Directions for this task> Output all the entries word for word. Omit the pictures.

Data to use>
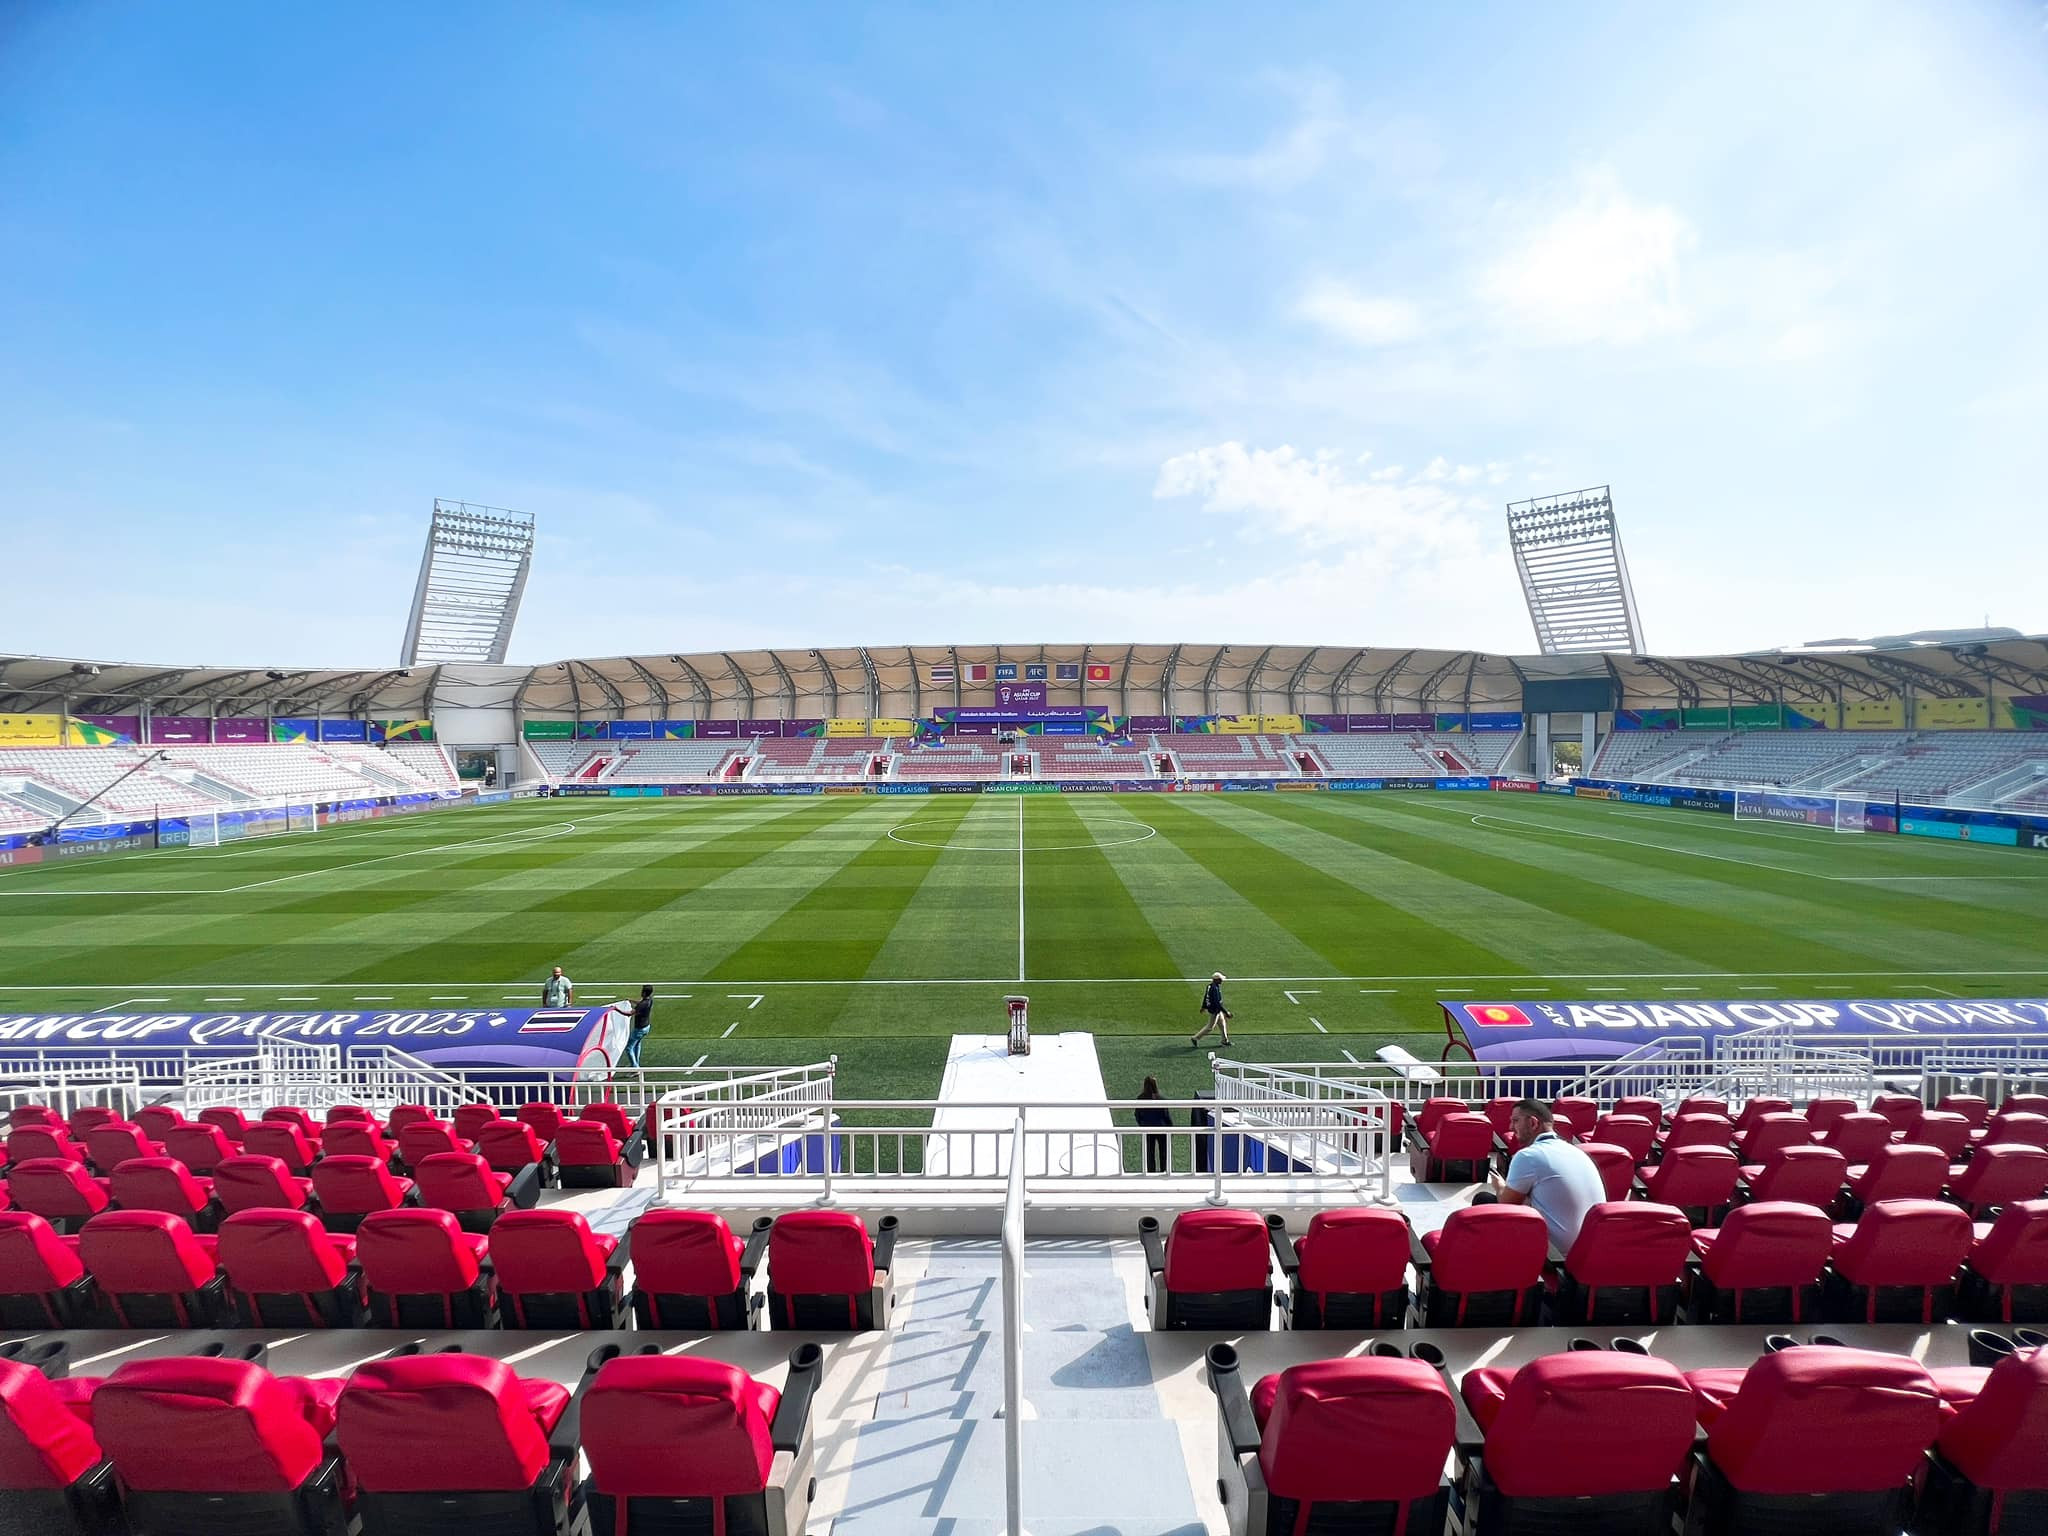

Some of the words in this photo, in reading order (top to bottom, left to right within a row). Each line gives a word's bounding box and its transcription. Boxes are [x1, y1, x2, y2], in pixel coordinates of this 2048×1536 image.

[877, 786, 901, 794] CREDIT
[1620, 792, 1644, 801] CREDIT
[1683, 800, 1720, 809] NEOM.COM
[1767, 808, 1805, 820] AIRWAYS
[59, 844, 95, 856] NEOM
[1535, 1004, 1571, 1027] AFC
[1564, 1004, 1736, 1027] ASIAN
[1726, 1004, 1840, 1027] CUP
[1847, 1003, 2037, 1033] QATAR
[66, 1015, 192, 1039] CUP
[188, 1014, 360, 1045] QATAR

Your response>
Some of the words in this photo, in reading order (top to bottom, left to right within a row). Each line gives a word's bounding box and its transcription. Boxes are [x1, y1, x2, y2], in pixel coordinates of this 2048×1536 image.

[877, 786, 901, 794] CREDIT
[1620, 792, 1644, 801] CREDIT
[1683, 800, 1720, 809] NEOM.COM
[1767, 808, 1805, 820] AIRWAYS
[59, 844, 95, 856] NEOM
[1535, 1004, 1571, 1027] AFC
[1564, 1004, 1736, 1027] ASIAN
[1726, 1004, 1840, 1027] CUP
[1847, 1003, 2037, 1033] QATAR
[66, 1015, 192, 1039] CUP
[188, 1014, 360, 1045] QATAR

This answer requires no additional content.